Exercise
In the copy, keep every line below as it is and leave out the pictures.

____________________

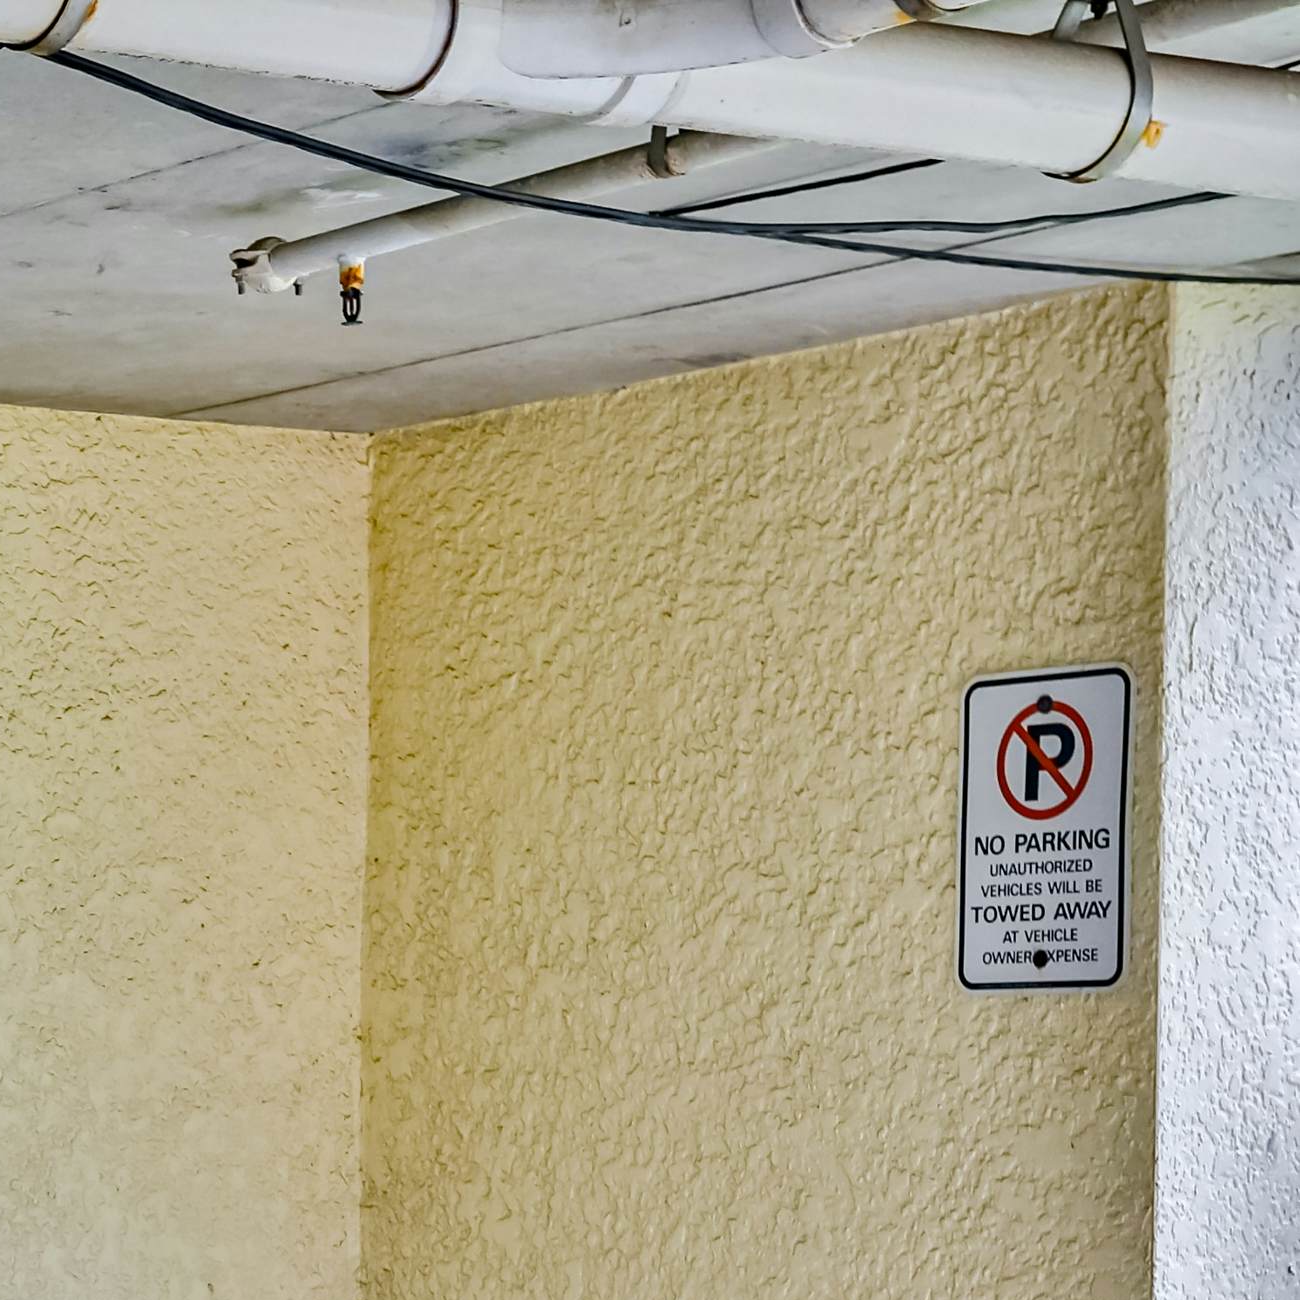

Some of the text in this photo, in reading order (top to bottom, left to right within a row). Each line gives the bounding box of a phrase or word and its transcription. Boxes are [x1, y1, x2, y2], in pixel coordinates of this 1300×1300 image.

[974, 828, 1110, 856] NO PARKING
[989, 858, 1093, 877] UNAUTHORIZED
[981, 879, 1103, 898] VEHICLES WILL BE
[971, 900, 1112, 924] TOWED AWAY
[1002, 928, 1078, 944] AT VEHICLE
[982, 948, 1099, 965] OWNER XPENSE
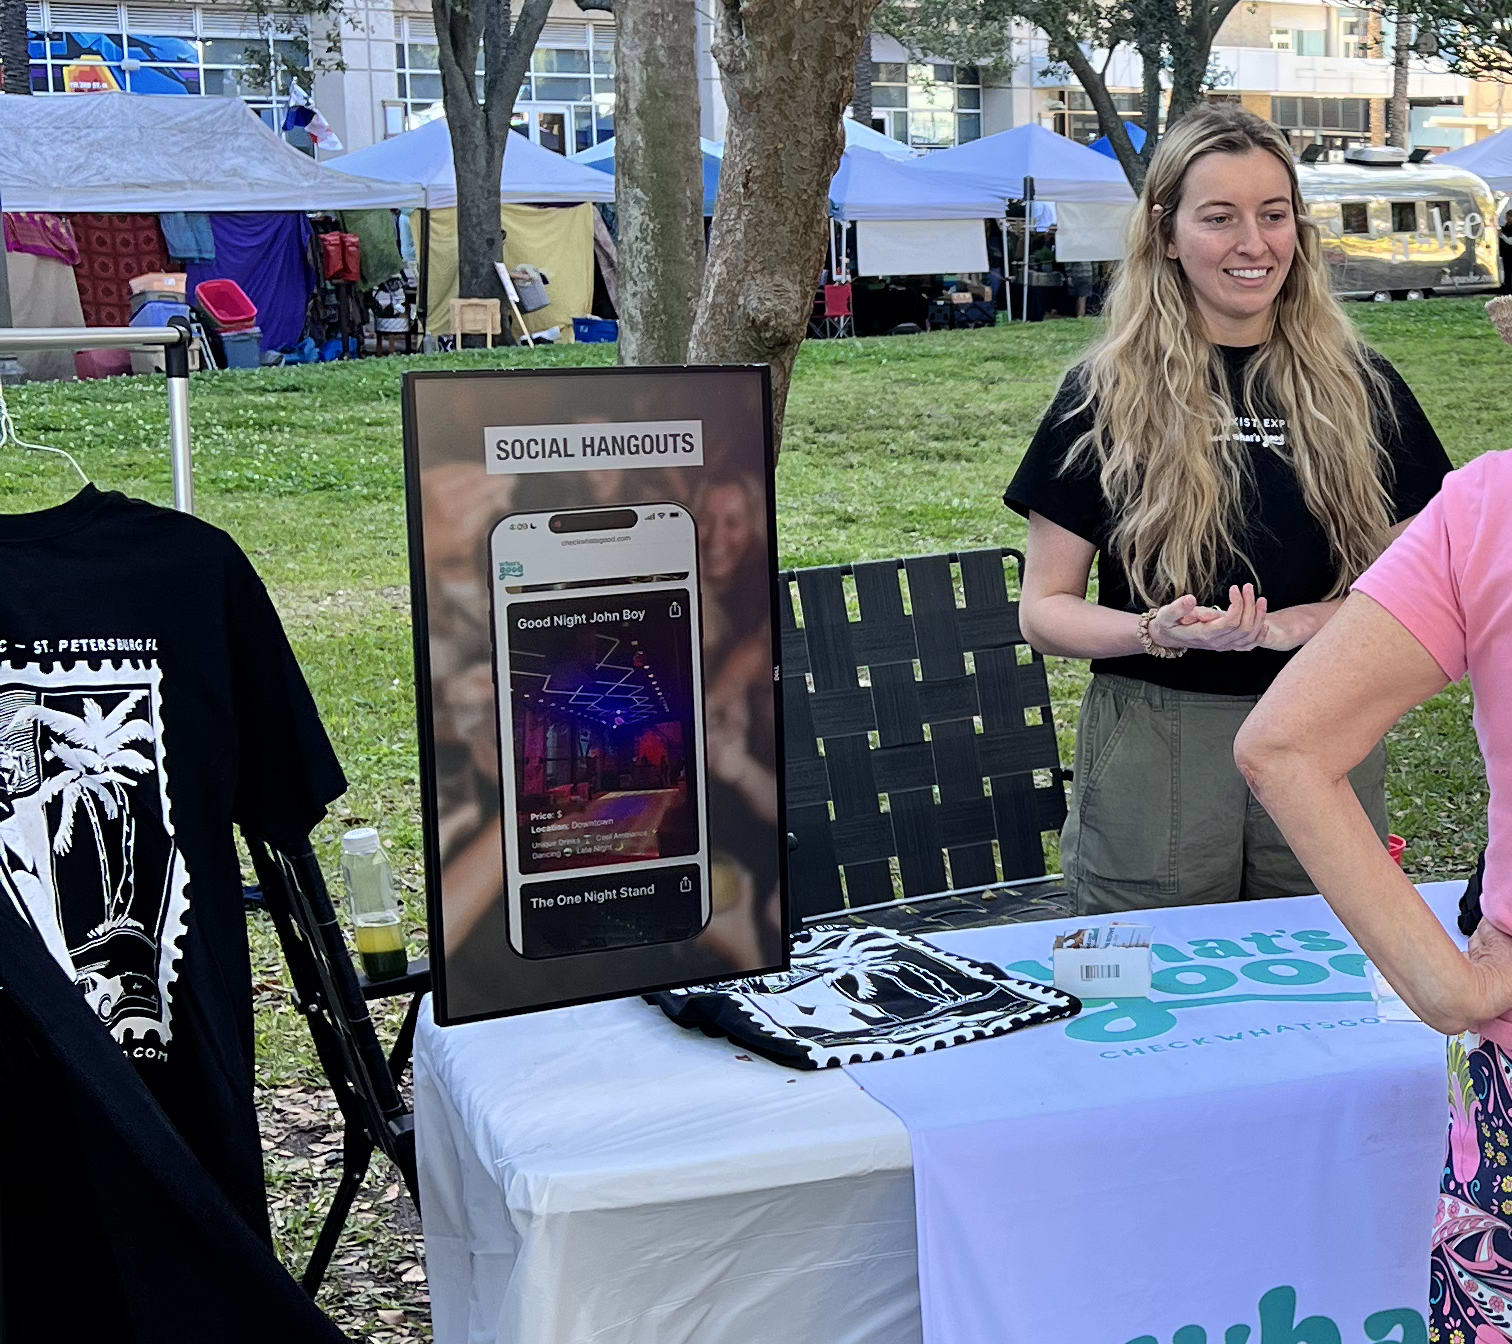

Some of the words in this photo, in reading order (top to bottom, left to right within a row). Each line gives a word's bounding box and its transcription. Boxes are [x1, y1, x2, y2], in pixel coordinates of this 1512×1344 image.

____________________

Response below
Some of the text in this photo, in reading order (top to bottom, left to right within a row). Each line gives the bounding box of a phrase or word and its transcription. Boxes are [x1, y1, x2, y2], in pixel coordinates of this 1300×1300 image.

[974, 828, 1110, 856] NO PARKING
[989, 858, 1093, 877] UNAUTHORIZED
[981, 879, 1103, 898] VEHICLES WILL BE
[971, 900, 1112, 924] TOWED AWAY
[1002, 928, 1078, 944] AT VEHICLE
[982, 948, 1099, 965] OWNER XPENSE

Some of the words in this photo, in reading order (top to bottom, left to right within a row). Each line gives a word's bounding box and its transcription. Boxes are [x1, y1, x2, y2], in pixel coordinates of this 1512×1344 image.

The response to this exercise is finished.